The 11th Sikka Art and Design Festival showcases stunning photographs and digital art, expressing the creativity of multiple creatives, and invites visitors to the festival to explore the nature of their ideas. Within the festival, which is running at Al Fahidi Historical Neighbourhood until 5 March, the Photography House has turned into a destination for visitors, decorated decorated with images taken by five photographers from the UAE and Syria. Guelta d’Archei lake, which Noora AlNeyadi calls the ‘Camel Sea,’ is depicted from photos taken during an exploratory trip she made to the Aouzou region between Chad & Libya, highlighting the water’s natural value.

 

Shoug Abdulla’s archival pigment print collection ‘Domestic PPE II’, was created on commission from UAE’s Ministry of Culture & Youth, to be the cover of the research study ‘Ministry of Culture & Youth Resilience & Recovery during the pandemic.’ As for photographer Zayed Ebrahim Alhaddar, he presents his series ‘Flames,’ in which he expresses the strength of the spirit of women, in addition to the series ‘Girl with Tasa,’ stressing the stability of traditions despite cultural changes.
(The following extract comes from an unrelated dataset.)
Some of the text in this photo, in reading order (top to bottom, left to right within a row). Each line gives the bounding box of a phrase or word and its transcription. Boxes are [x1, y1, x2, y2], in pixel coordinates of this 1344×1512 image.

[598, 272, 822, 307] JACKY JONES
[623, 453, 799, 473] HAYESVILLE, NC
Mohamed Almaazmi, supported by the Mohammed Bin Rashid Space Centre, takes visitors to the festival on a long journey through the world of celestial bodies, to the Andromeda Galaxy, which he took pictures of using a telescope and astronomical camera. Syrian Waleed Al Madani sheds light through his series ‘Living in the afterlife’ on life in the industrial areas within the country to reflect the state of vibrant balance enjoyed there. 

 

Digital art appears in all its elegance in House 28, the Digital Arts House, to reveal a group of innovative artistic ideas and visions that bear the imprints of 14 artists from the UAE and the world in a fusion of art and robotics. Through their work ‘Undulation,’ Emirati duo Saeed Almadani and Ahmad Alattar explore the notions of identity in the age of technological and mechanical abundance, creating a kinetic, auditory installation that merge art and robotics to activate a space through sound, movement and visual elements using a system comprising of an array of electromagnetic solenoids. Emirati artist Mohamed Al Mansoori, who exhibits his work ‘Wandering,’ Ace Almansoori sheds light on moments that get captured with his ‘Golden Moments,’ and Fawaghi Alzaabi’s presents her work ‘Untitled.’ 
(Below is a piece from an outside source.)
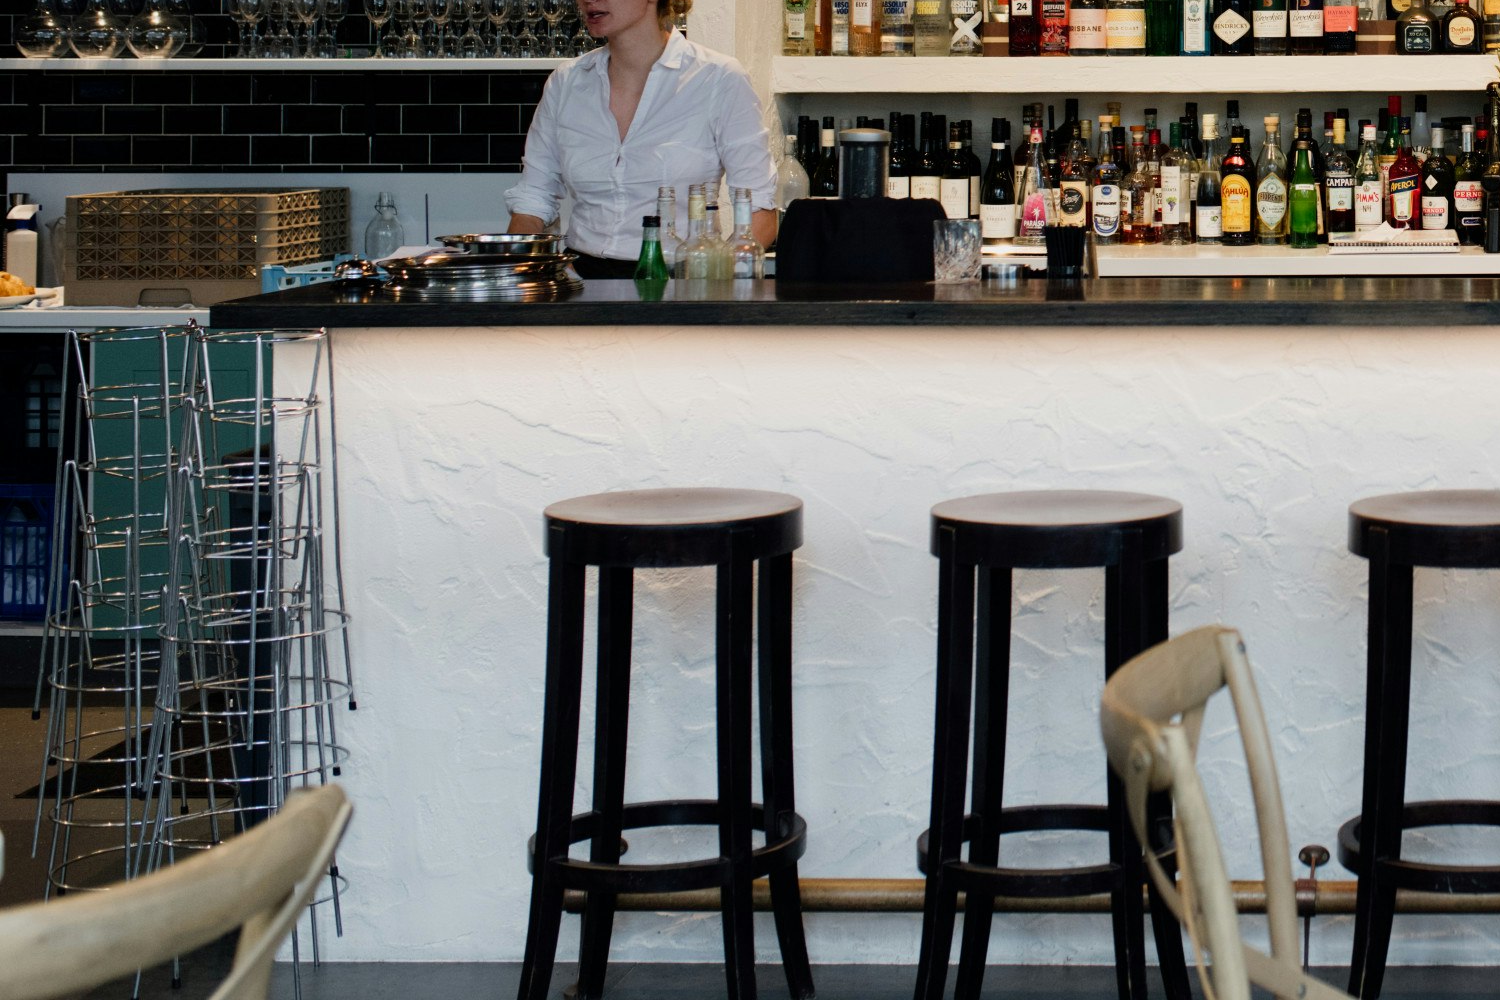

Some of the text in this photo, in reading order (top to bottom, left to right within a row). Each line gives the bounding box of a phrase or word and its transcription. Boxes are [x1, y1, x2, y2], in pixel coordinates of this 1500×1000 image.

[1016, 3, 1027, 11] 24
[1326, 178, 1355, 187] CAMPAR
[1390, 180, 1415, 193] APEROL
[1356, 191, 1380, 202] PIMM'S
‘An Artist’s Battle Field’ by Emirati Ahmed Al Ali is a depiction of the psychological and mental state that the artist experiences whenever he creates a new work, which forces him to fully exploit his capabilities, while artist Reem Al Mazrouei participates via her ‘Our Own Light,’ which appears as an invitation to search for the force that dwells within. 

 

Rashed Al Mazrouei presents an image produced by artificial intelligence and titled ‘Eid Morning,’ which is a series of verbally transmitted descriptions that constitute the Emirati identity inherited through generations. House 28 also hosts the online exhibition Bazaart, which is the result of a joint collaboration between a UAE group of artists, after realising the need to connect digital community creators. 

 

Azerbaijani practitioner Orkhan Mammadov presents his digital icon ‘RELIC,’ in which he reinvents the designs of traditional carpets in the region using artificial intelligence amidst societal changes, while Indian Vedika Kushalappa, through her work ‘Flux’ seeks to explore the material importance of digital technology as a tool for creativity, and the American artiest Patrick Lichty, through ‘Techspressionist Still Life: Computers Dreaming of Computers’ raises a question about the extent of the possibilities for cooperation between humans and artificial artists.

 

The Egyptian Dalia Omran’s ‘ID, EGO, SUPER-EGO’ is based on her understanding of surrealism and Sigmund Freud's theory of psychoanalysis. The Iranian artist Soheil Hossein expresses in his work his passion for everything that is unreal, relying on a series of bird-like creatures. From South Korea, the Momenti platform enables visitors to interact with and touch its content.